Stumped by a Lego set? A new machine learning framework can interpret those instructions for you.
Researchers at Stanford University, MIT’s Computer Science and Artificial Intelligence Lab, and the Autodesk AI Lab have collaborated to develop a novel learning-based framework that can interpret 2D instructions to build 3D objects.
The Manual-to-Executable-Plan Network, or MEPNet, was tested on computer-generated Lego sets, real Lego set instructions and Minecraft-style voxel building plans, and the researchers said it outperformed existing methods across the board.
MEPNet’s novel idea
Interpreting 2D instructions isn’t easy for artificial intelligence. The researchers said there are a couple key problems going from visual instructions that, like Lego sets, consist entirely of images: Identifying correspondence between 2D and 3D objects, and dealing with a lot of basic pieces, like Legos.
Basic Lego bricks, the researchers said, are often assembled into complex forms before being added to the main body of the model. This “increases the difficulty for machines to interpret Lego manuals: it requires inferring 3D poses of unseen objects composed of seen primitives,” the researchers said.
Existing methods of parsing manual steps into machine-executable plans mainly consist of two forms, the researchers said: Search-based methods that are simple and accurate but computationally expensive; and learning-based models that are fast but aren’t very good at handling unseen 3D shapes.

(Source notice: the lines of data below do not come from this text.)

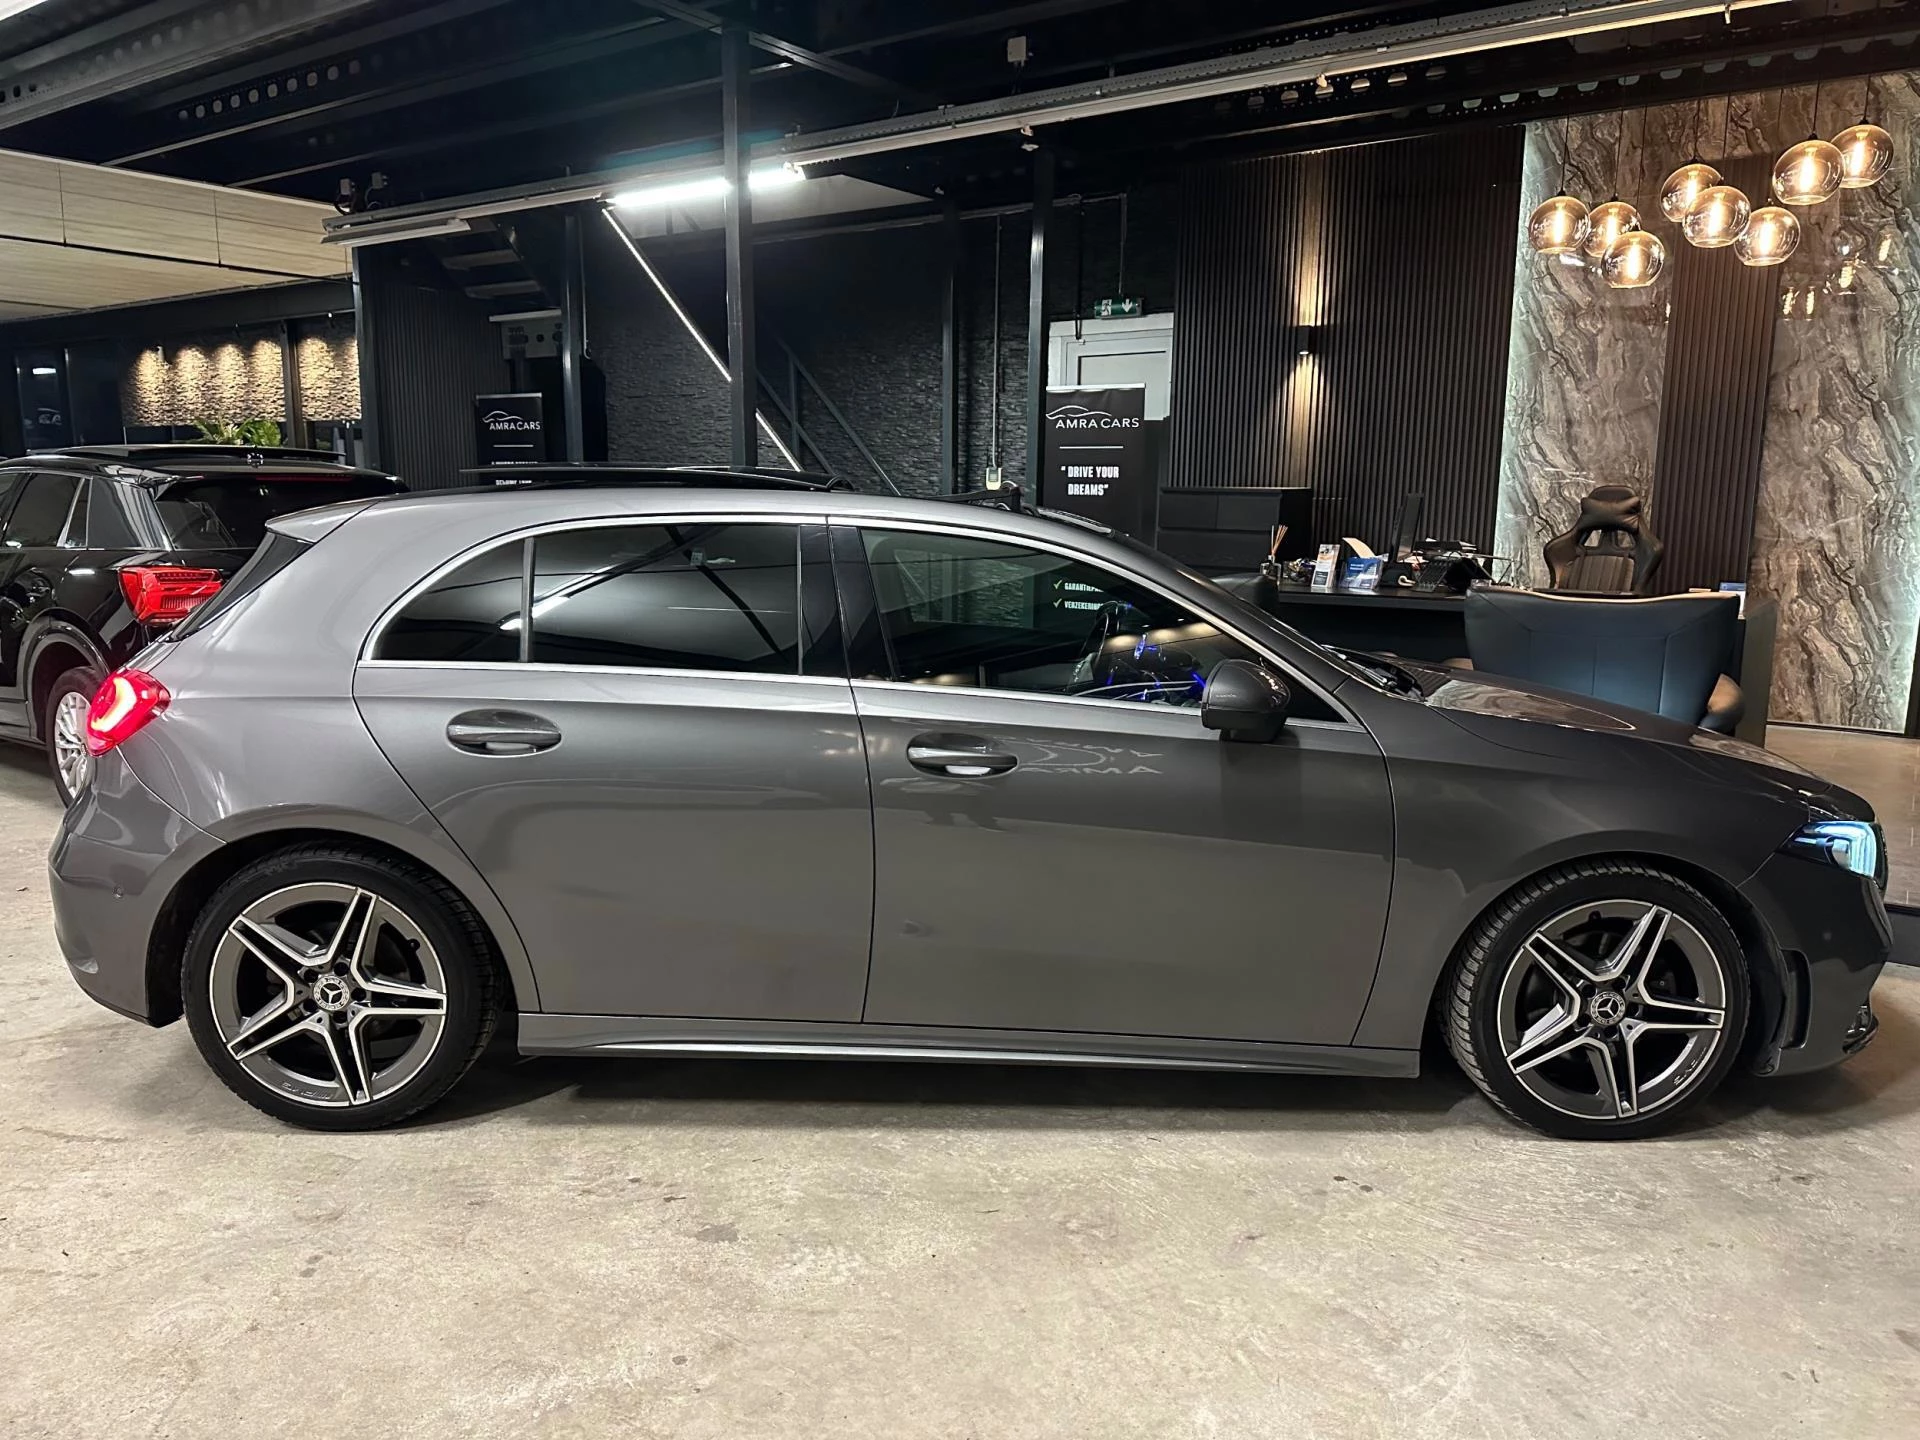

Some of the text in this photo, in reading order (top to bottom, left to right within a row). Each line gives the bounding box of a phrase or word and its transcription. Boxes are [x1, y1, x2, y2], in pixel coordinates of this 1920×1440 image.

[489, 421, 541, 430] AMRA CARS
[1055, 417, 1140, 429] AMRA CARS
[1095, 466, 1120, 478] YOUR
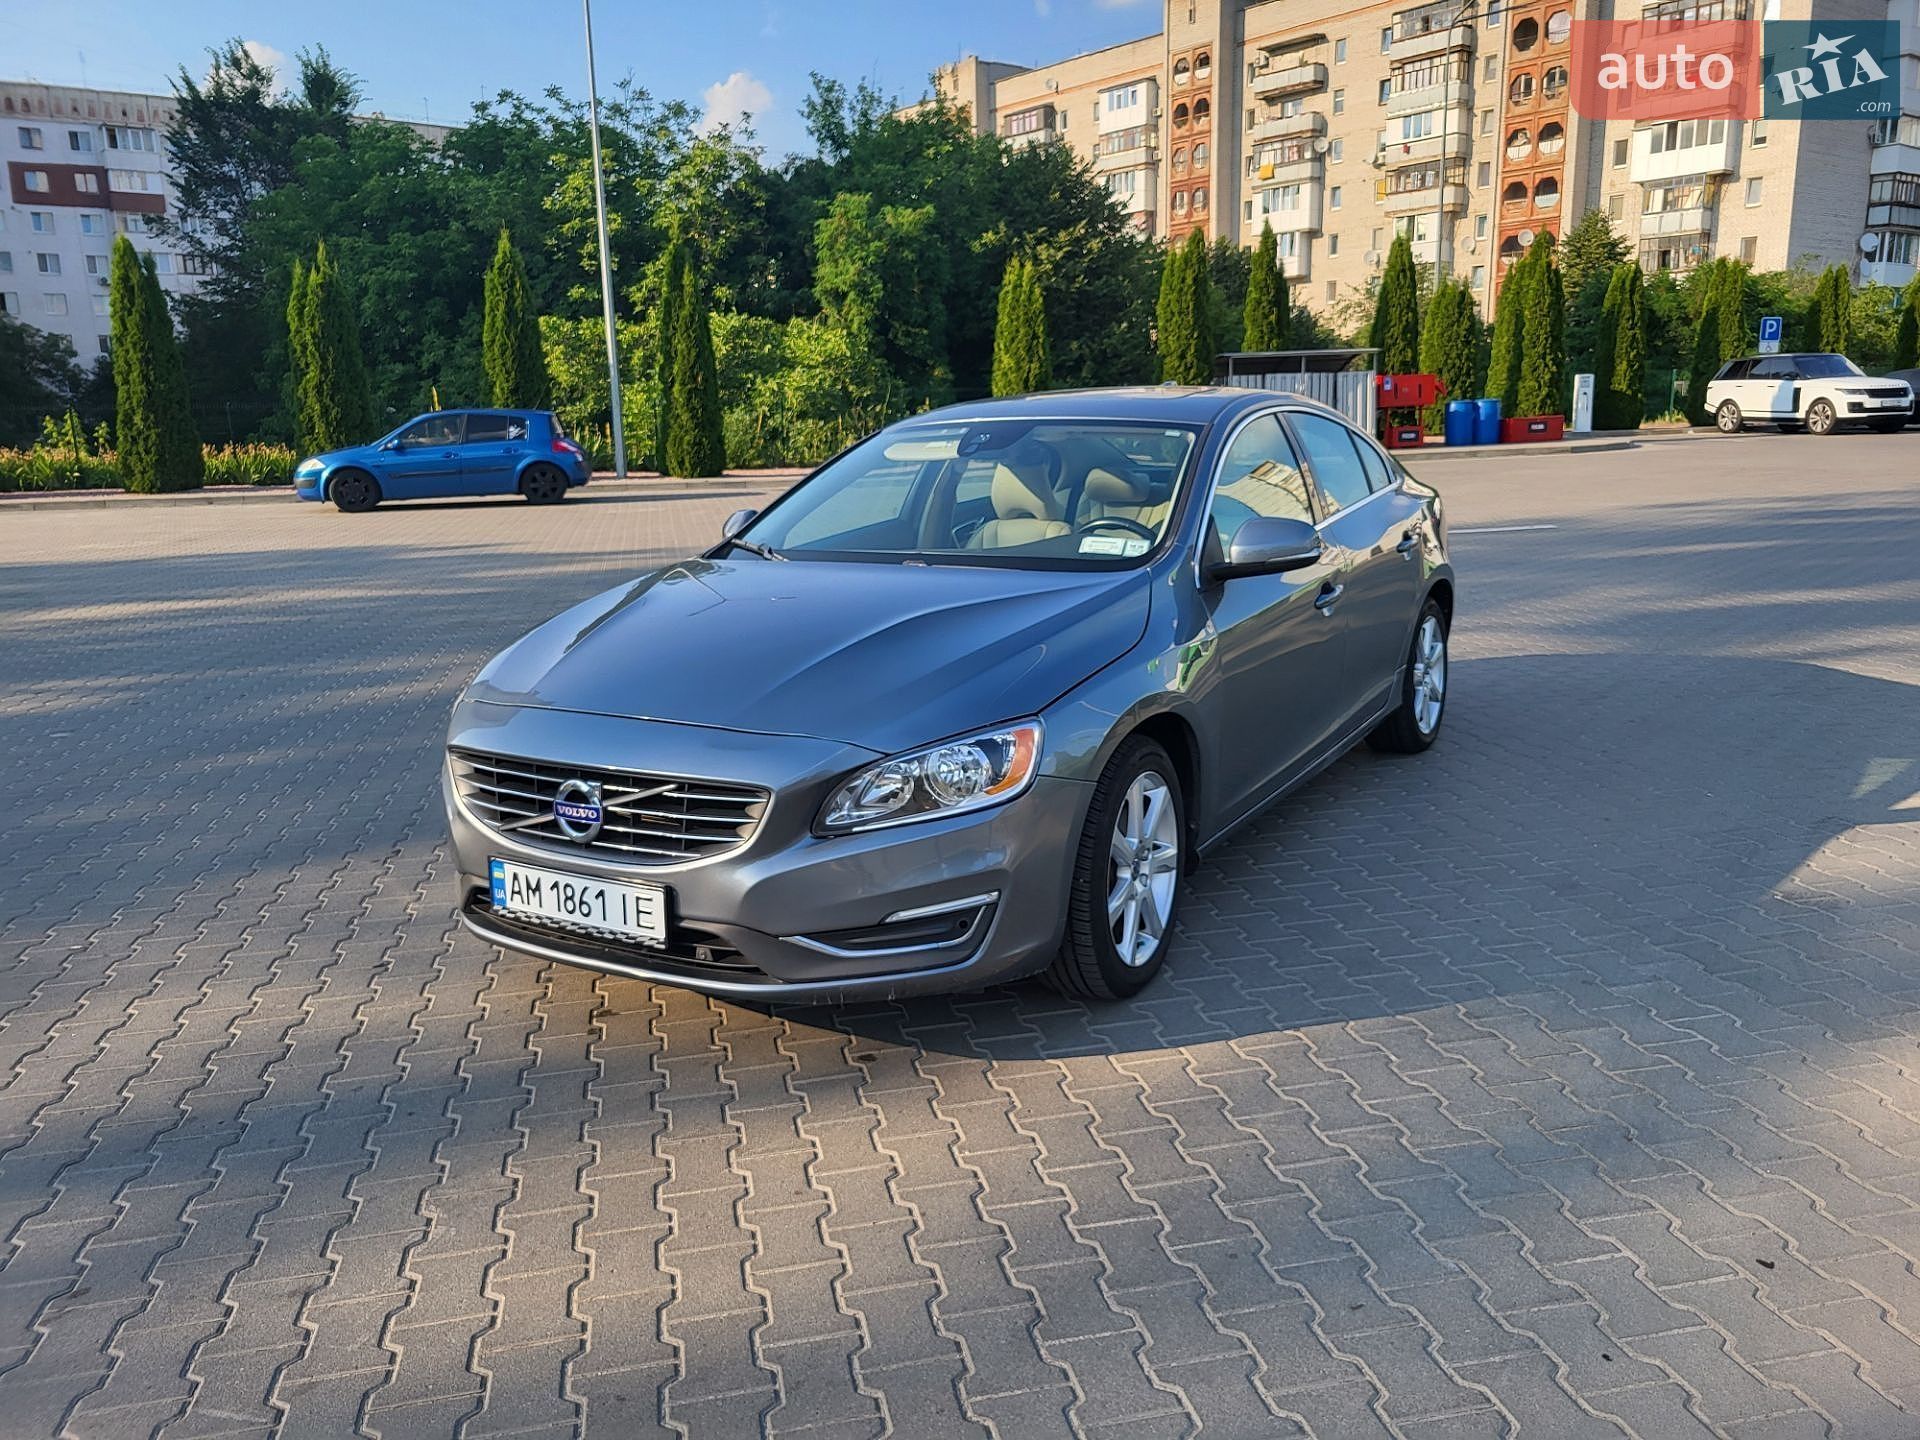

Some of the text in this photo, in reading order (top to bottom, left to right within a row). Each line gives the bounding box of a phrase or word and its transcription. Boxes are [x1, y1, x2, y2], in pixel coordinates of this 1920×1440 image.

[1765, 320, 1777, 339] P
[556, 805, 598, 819] VOLVO
[495, 887, 506, 899] UA
[550, 880, 607, 921] 1861

MEPNet, the researchers said, combines both.
Starting with a 3D model of the components, the current state of the Lego set, and 2D manual images, MEPNet “predicts a set of 2D keypoints and masks for each component,” the researchers wrote.

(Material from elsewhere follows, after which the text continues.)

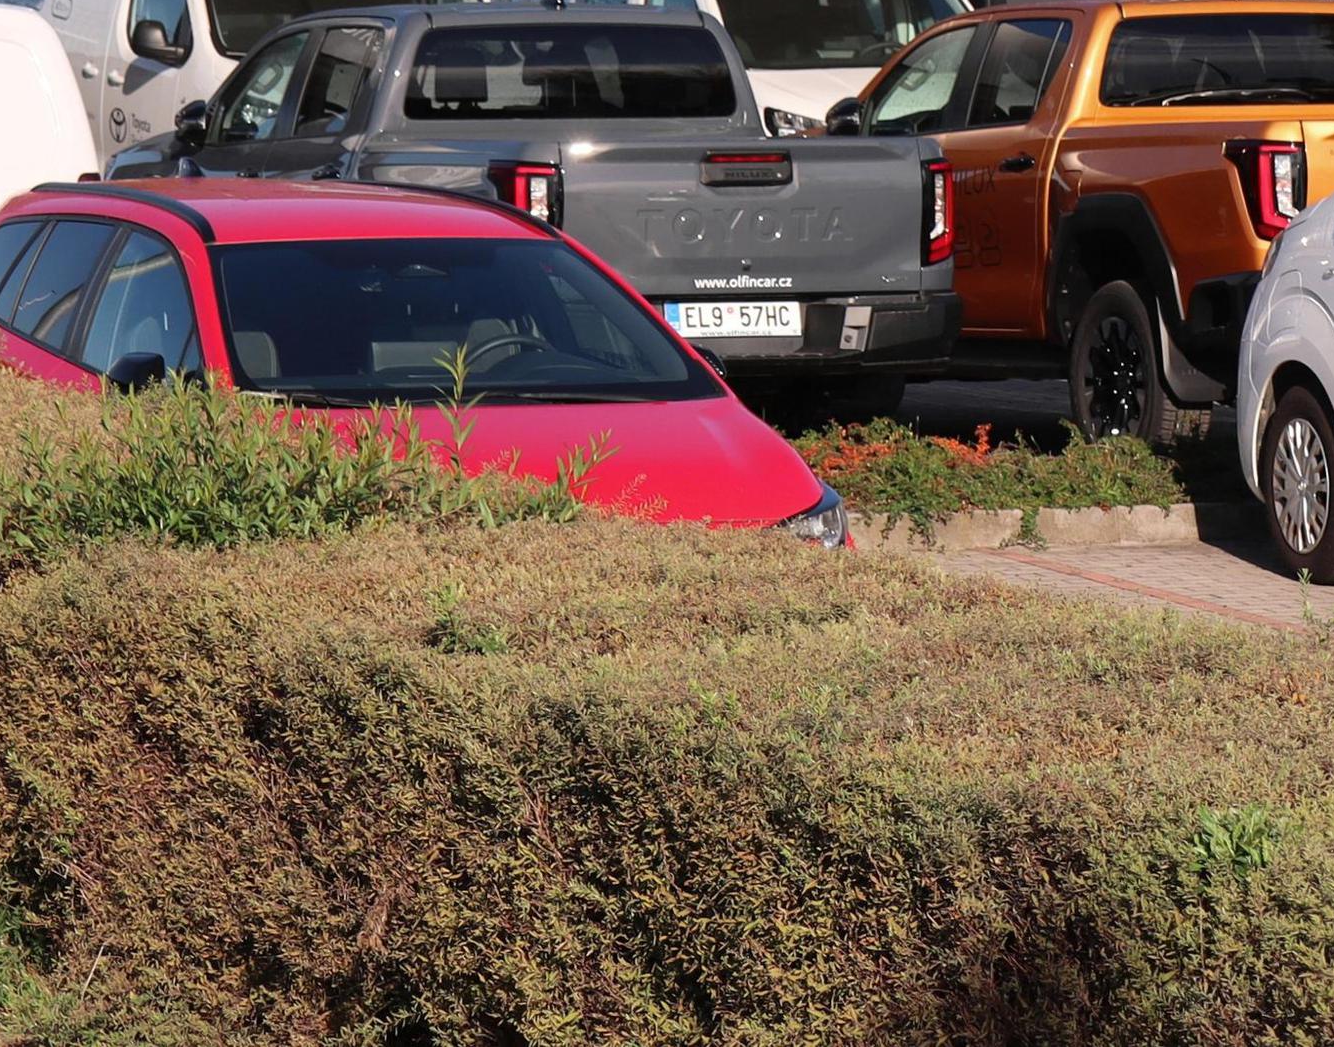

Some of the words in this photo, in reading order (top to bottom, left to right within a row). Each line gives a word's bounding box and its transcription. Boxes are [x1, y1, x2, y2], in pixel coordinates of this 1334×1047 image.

[636, 205, 854, 244] TOYOTA
[694, 276, 792, 289] www.olfincar.cz
[685, 307, 723, 328] EL9
[740, 306, 790, 328] 57HC

Once that’s done, the 2D keypoints “are back-projected to 3D by finding possible connections between the base shape and the new components.” The combination “maintains the efficiency of learning-based models, and generalizes better to unseen 3D components,” the team wrote.
But can it build my Ikea dresser?
In the paper, the researchers said their aim is to create machines that help people assemble complex objects, and they include furniture alongside Lego bricks and voxel worlds in their list of applications.
We’ve asked the researchers behind MEPNet about more potential uses of their new framework, but haven’t heard back yet. In the meantime, it might be reasonable to assume MEPNet could build a bookshelf – at least virtually – given the necessary library of components and instructions.
All a human would have to do would be to interpret MEPNet’s 3D renderings, which would hopefully be easier than flat-pack furniture instructions.
Those who want to test MEPNet, and are familiar with Pytorch, can find its code on Github. ®